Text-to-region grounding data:
★ ★ ★ ★ ★ ★ ★

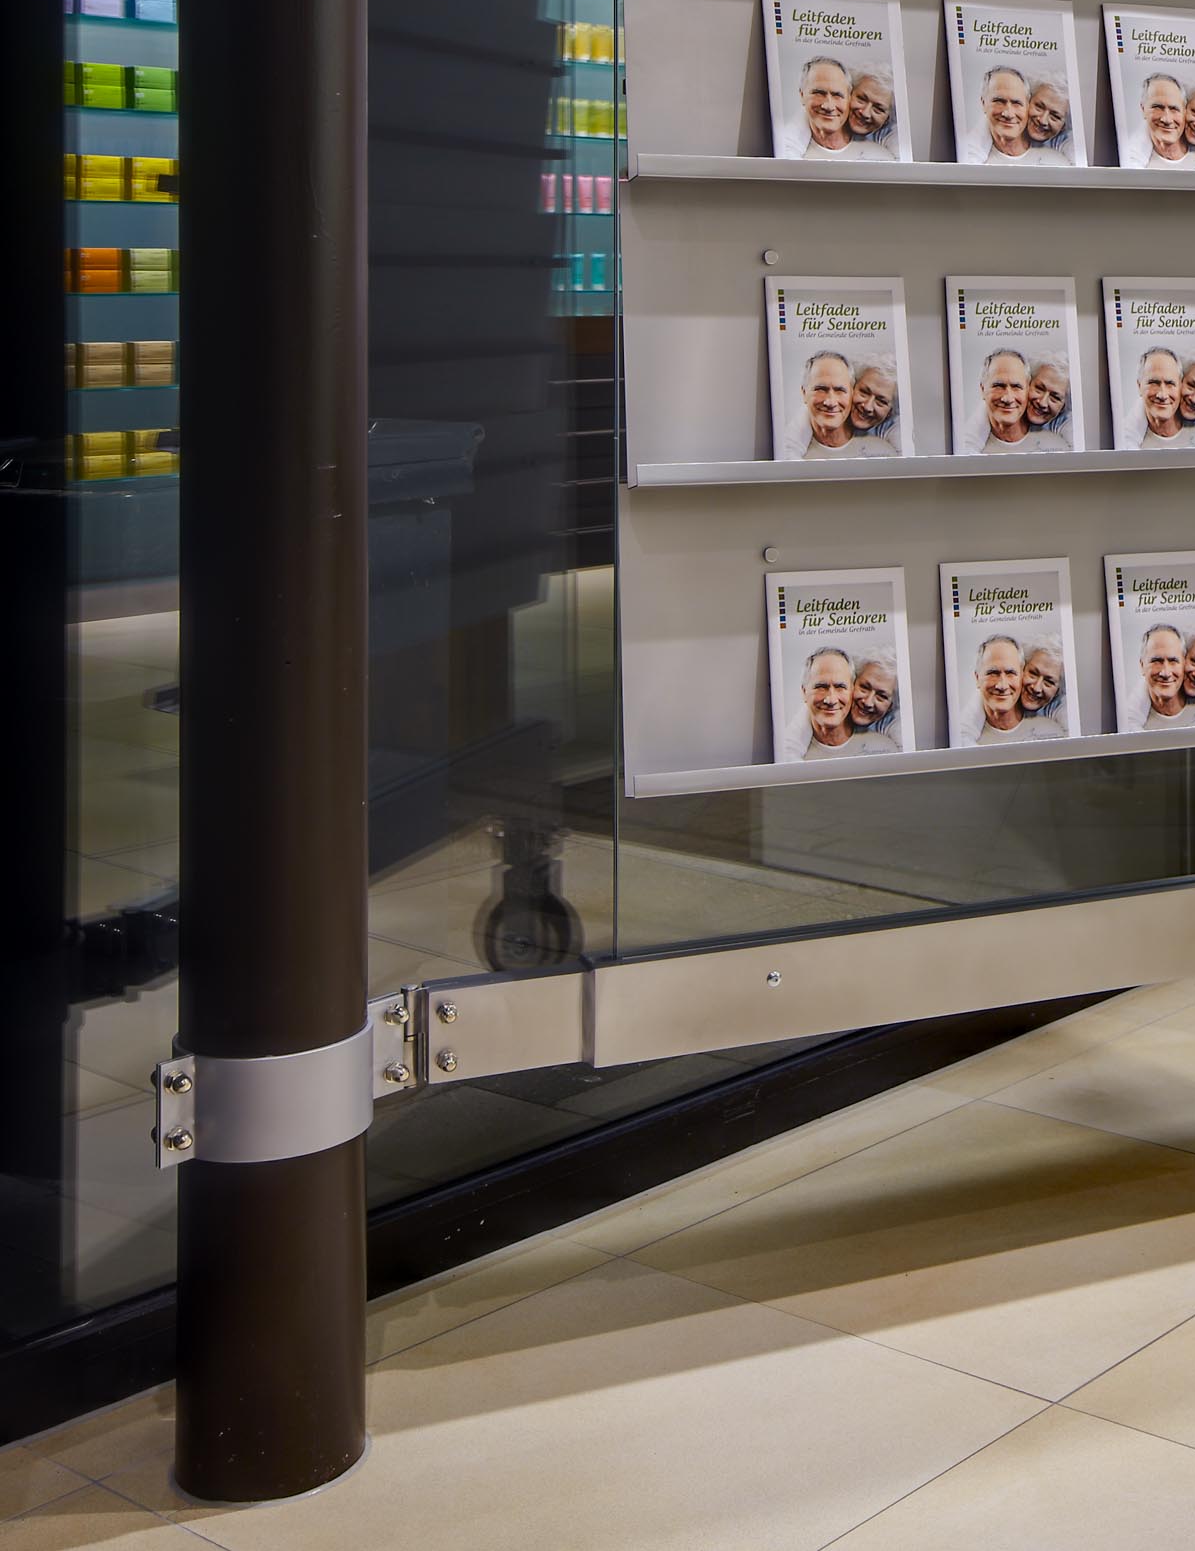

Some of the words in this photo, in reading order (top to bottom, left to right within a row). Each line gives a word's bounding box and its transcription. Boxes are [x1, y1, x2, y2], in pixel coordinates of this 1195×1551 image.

[792, 8, 856, 26] Leitfaden
[798, 23, 821, 38] für
[823, 24, 883, 41] Senioren
[973, 19, 1033, 36] Leitfaden
[979, 33, 1000, 48] für
[1002, 35, 1058, 51] Senioren
[1131, 28, 1188, 44] Leitfaden
[1137, 42, 1157, 55] für
[796, 302, 860, 318] Leitfaden
[975, 301, 1036, 317] Leitfaden
[1130, 301, 1186, 316] Leitfaden
[801, 317, 824, 332] für
[827, 317, 887, 331] Senioren
[980, 316, 1002, 331] für
[1004, 315, 1060, 329] Senioren
[1136, 315, 1156, 329] für
[1132, 577, 1188, 593] Leitfaden
[968, 586, 1029, 603] Leitfaden
[1138, 592, 1158, 608] für
[796, 597, 861, 614] Leitfaden
[974, 602, 996, 618] für
[998, 599, 1054, 615] Senioren
[802, 613, 825, 630] für
[827, 611, 887, 627] Senioren
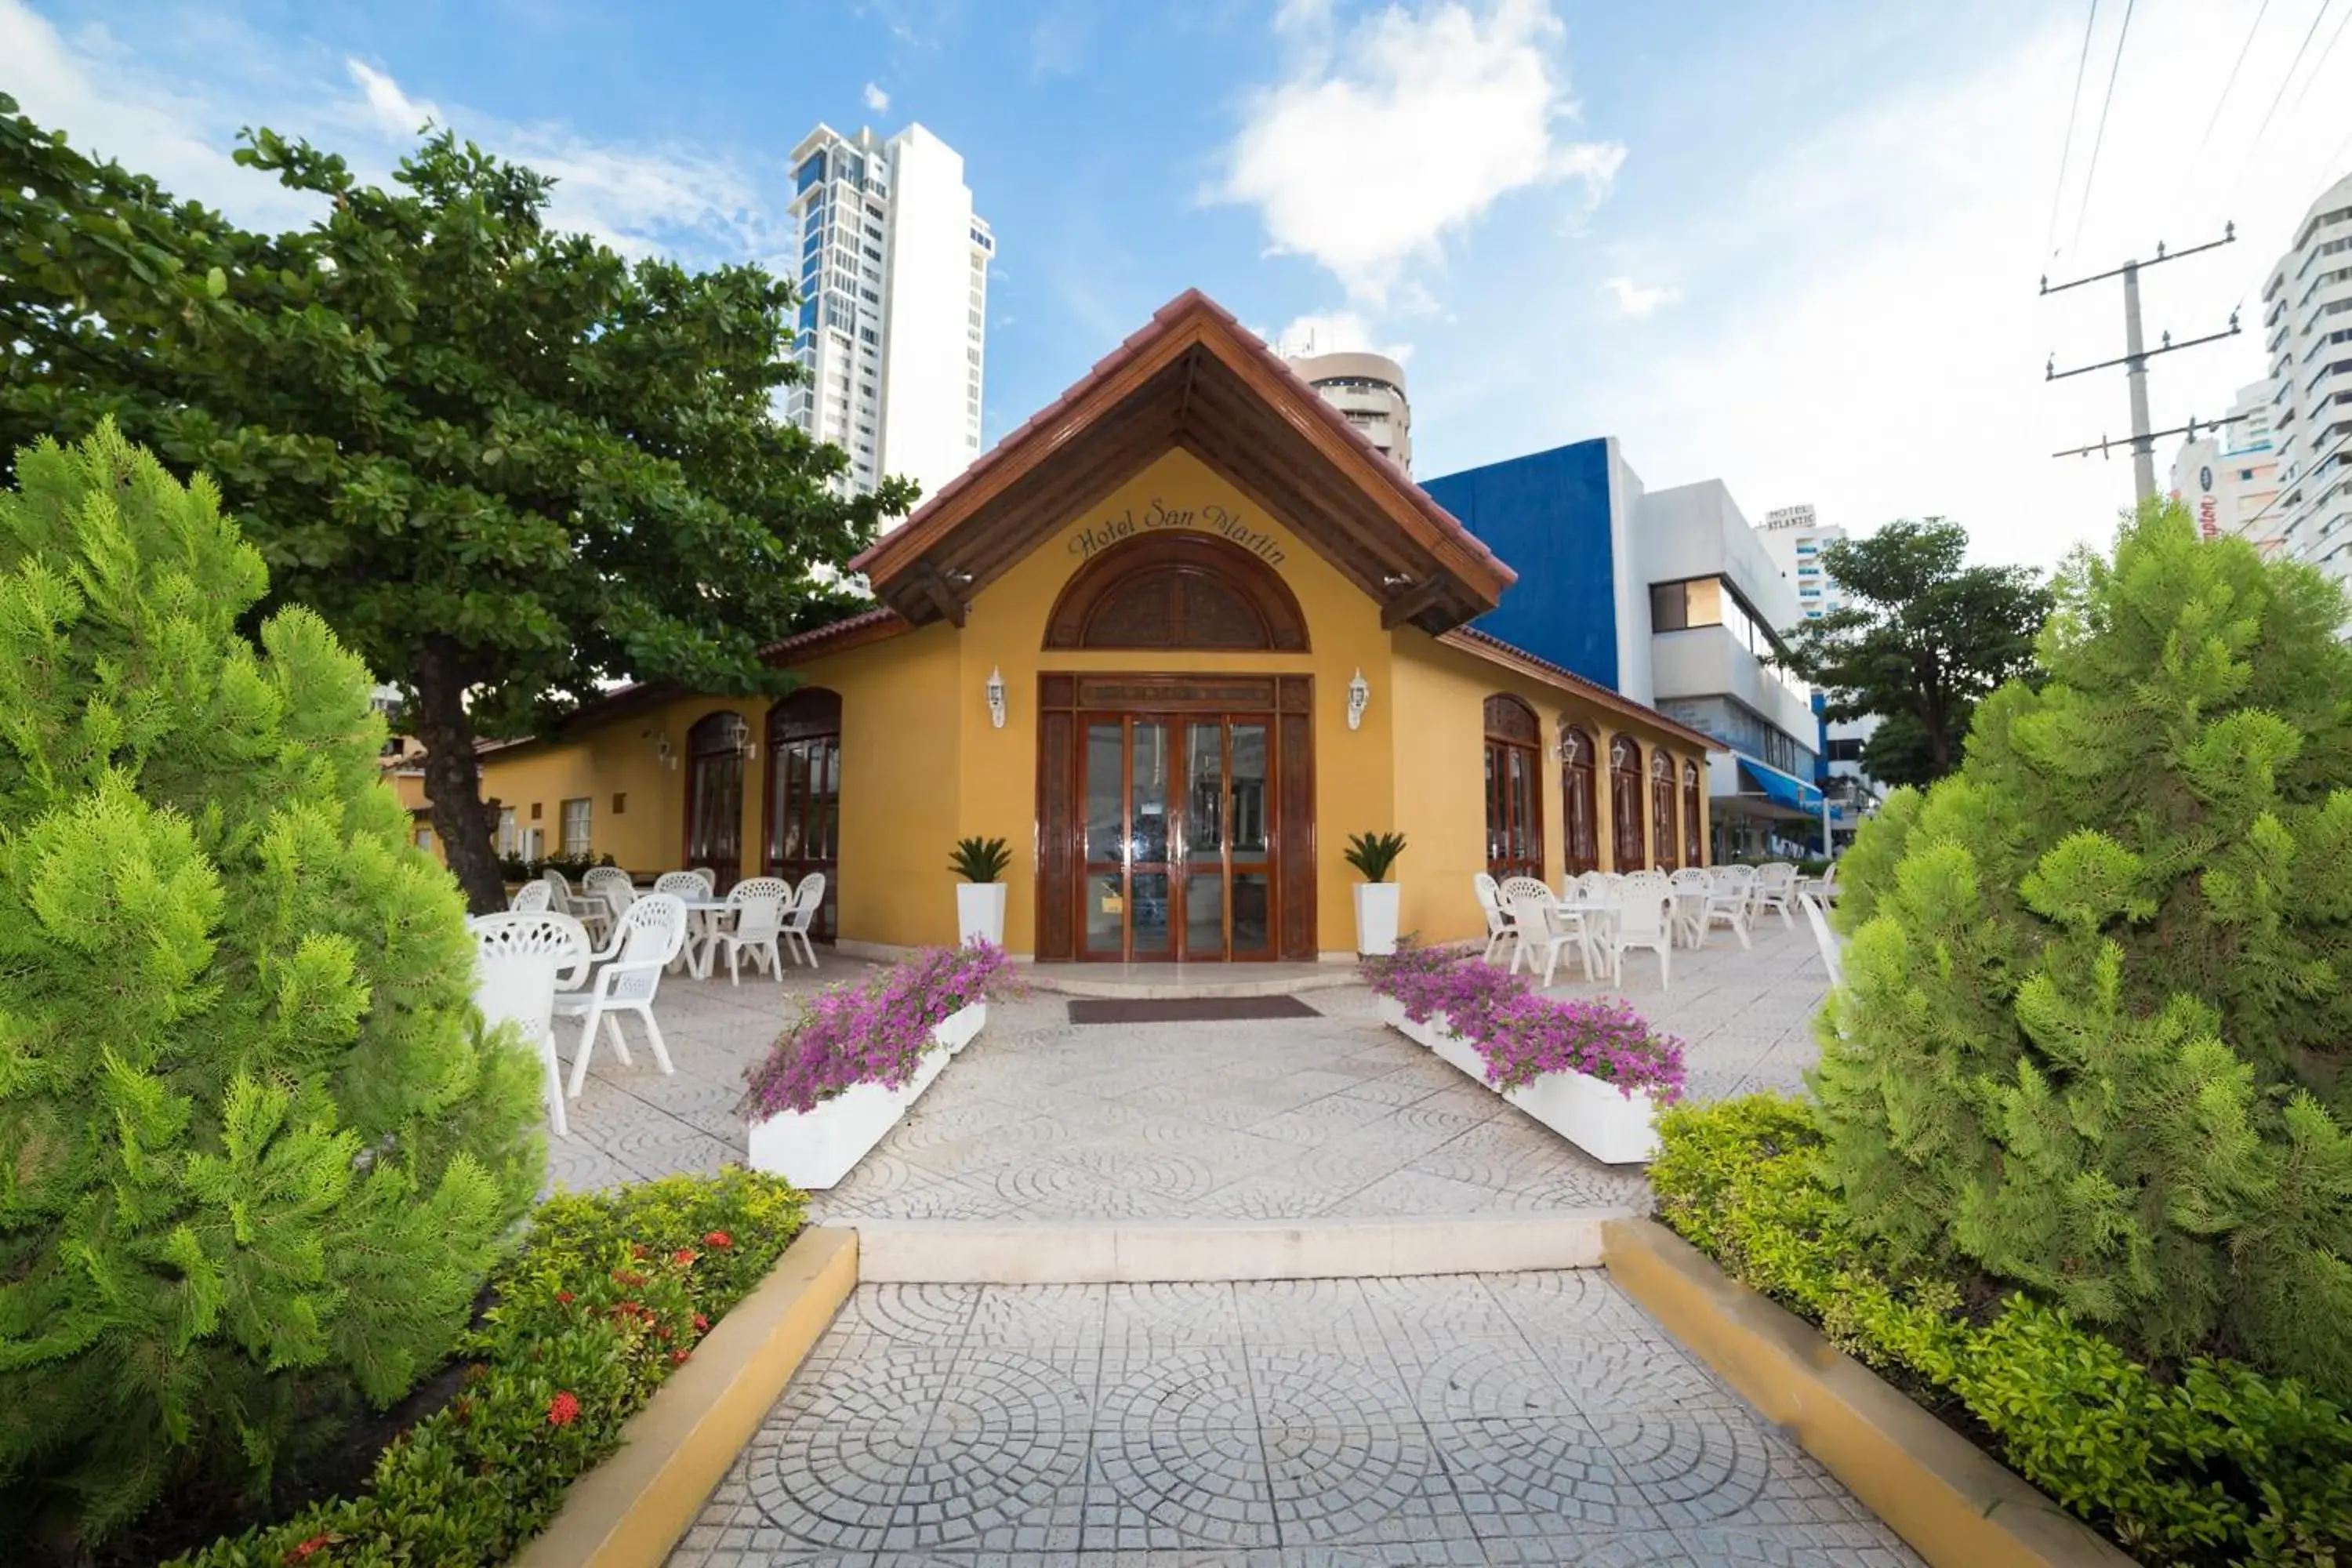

★ ★ ★ ★ ★ ★ ★

What the exercise asks: Your task is to reproduce every record exactly while omitting the pictures.

Written response:
Some of the words in this photo, in reading order (top to bottom, left to right within a row). Each line gives a word's bounding box and its transcription. Boxes are [x1, y1, x2, y2], in pixel coordinates of this 1195×1551 image.

[792, 8, 856, 26] Leitfaden
[798, 23, 821, 38] für
[823, 24, 883, 41] Senioren
[973, 19, 1033, 36] Leitfaden
[979, 33, 1000, 48] für
[1002, 35, 1058, 51] Senioren
[1131, 28, 1188, 44] Leitfaden
[1137, 42, 1157, 55] für
[796, 302, 860, 318] Leitfaden
[975, 301, 1036, 317] Leitfaden
[1130, 301, 1186, 316] Leitfaden
[801, 317, 824, 332] für
[827, 317, 887, 331] Senioren
[980, 316, 1002, 331] für
[1004, 315, 1060, 329] Senioren
[1136, 315, 1156, 329] für
[1132, 577, 1188, 593] Leitfaden
[968, 586, 1029, 603] Leitfaden
[1138, 592, 1158, 608] für
[796, 597, 861, 614] Leitfaden
[974, 602, 996, 618] für
[998, 599, 1054, 615] Senioren
[802, 613, 825, 630] für
[827, 611, 887, 627] Senioren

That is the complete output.